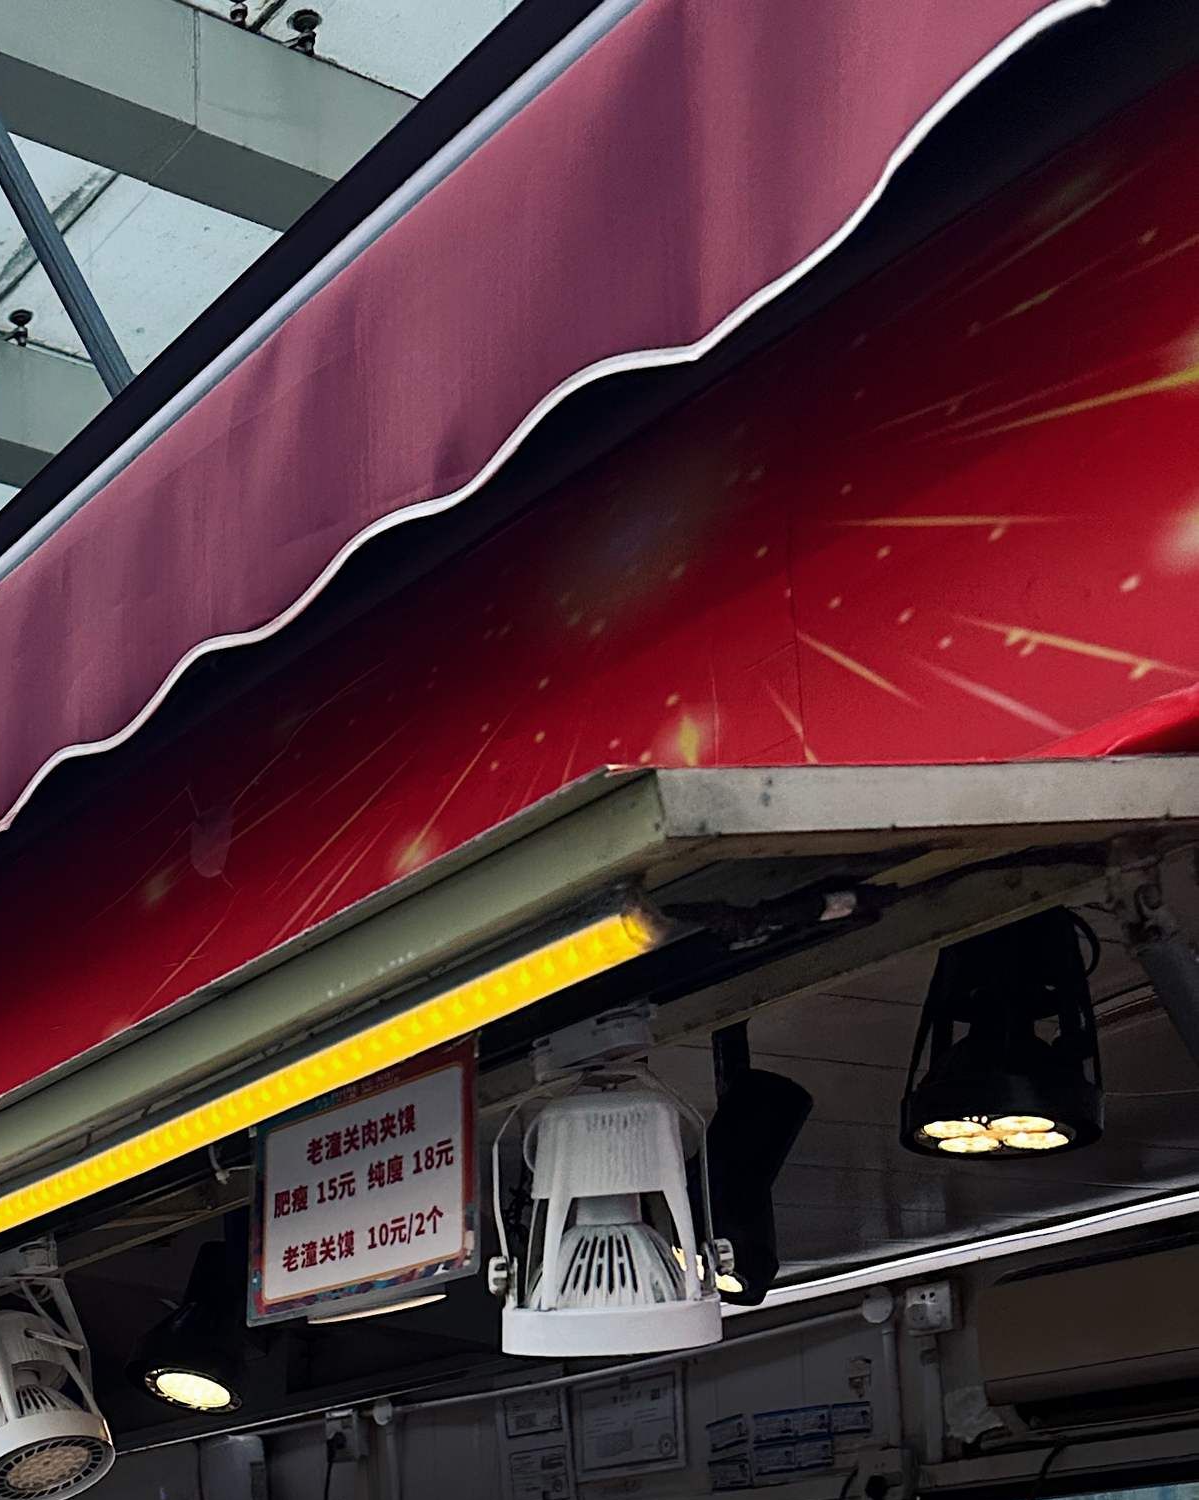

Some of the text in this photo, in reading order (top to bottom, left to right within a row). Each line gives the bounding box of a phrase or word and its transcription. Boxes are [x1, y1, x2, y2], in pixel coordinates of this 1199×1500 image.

[307, 1104, 416, 1165] 老潼关肉夹馍
[274, 1185, 308, 1219] 肥瘦
[317, 1171, 356, 1204] 15元
[412, 1138, 454, 1175] 18元
[283, 1205, 444, 1272] 老潼关馍 10元/2个
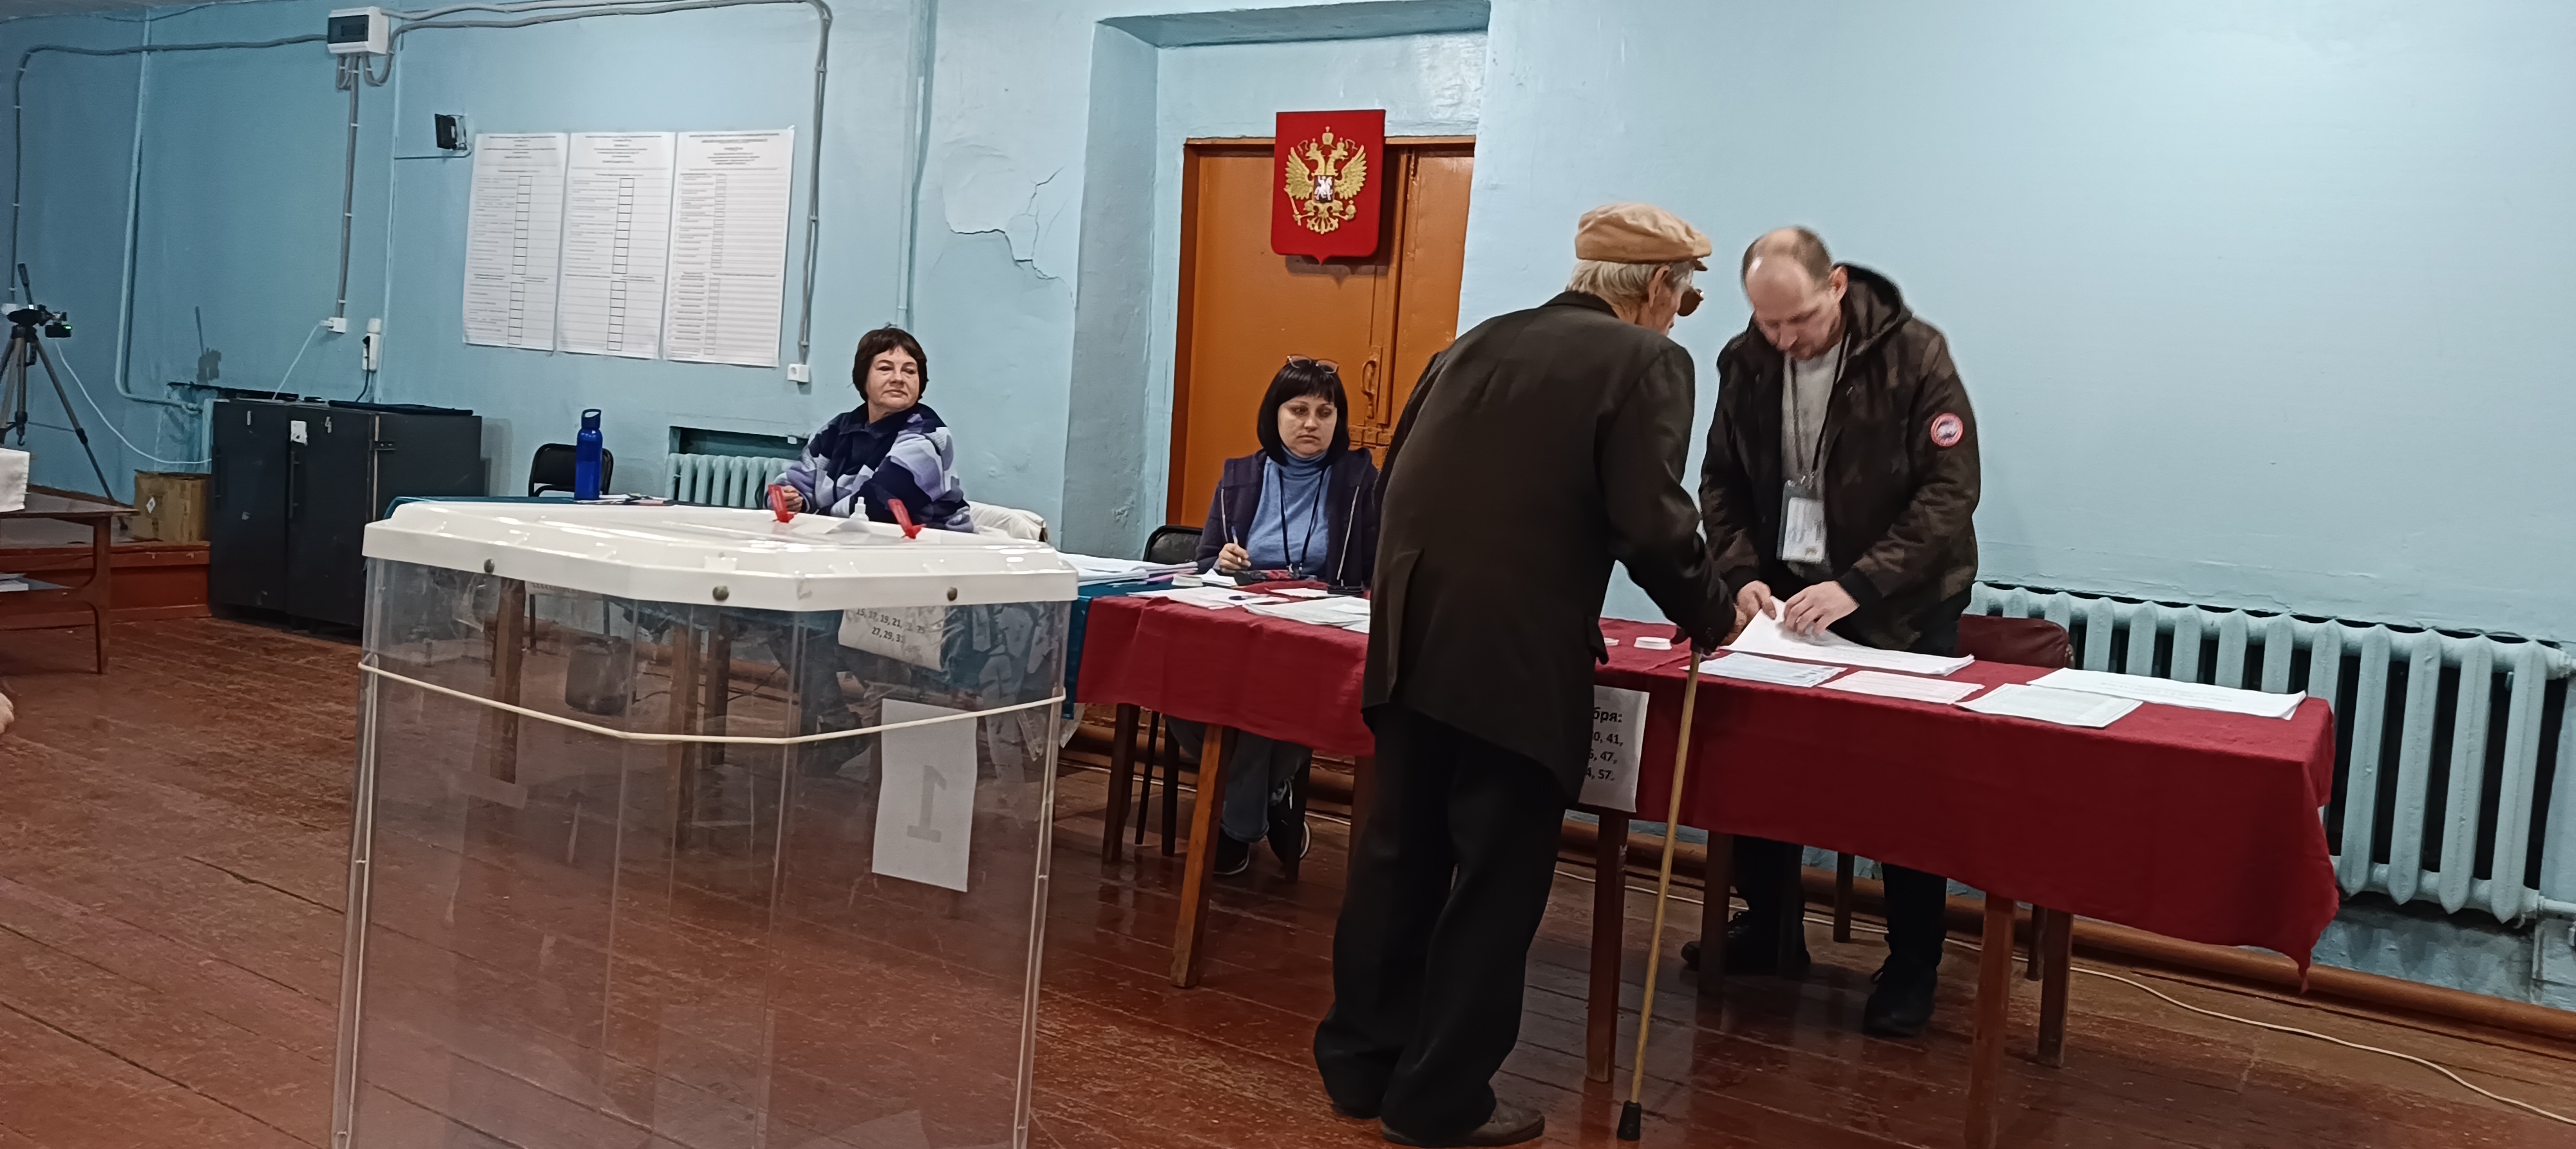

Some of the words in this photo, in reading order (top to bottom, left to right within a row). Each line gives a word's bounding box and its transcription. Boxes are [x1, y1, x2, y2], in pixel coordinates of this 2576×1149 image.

[880, 614, 891, 626] 19,
[891, 618, 903, 629] 21,
[871, 626, 882, 638] 27,
[883, 630, 895, 641] 29,
[1593, 707, 1622, 723] бря:
[1593, 731, 1604, 744] 0,
[1605, 733, 1624, 747] 41,
[1600, 751, 1618, 764] 47,
[1597, 768, 1615, 781] 57.

──────────────────────────────

Reproduce the records above exactly, starting with the line that contains "Some of the words" and ending with the last line.

Some of the words in this photo, in reading order (top to bottom, left to right within a row). Each line gives a word's bounding box and its transcription. Boxes are [x1, y1, x2, y2], in pixel coordinates of this 2576×1149 image.

[880, 614, 891, 626] 19,
[891, 618, 903, 629] 21,
[871, 626, 882, 638] 27,
[883, 630, 895, 641] 29,
[1593, 707, 1622, 723] бря:
[1593, 731, 1604, 744] 0,
[1605, 733, 1624, 747] 41,
[1600, 751, 1618, 764] 47,
[1597, 768, 1615, 781] 57.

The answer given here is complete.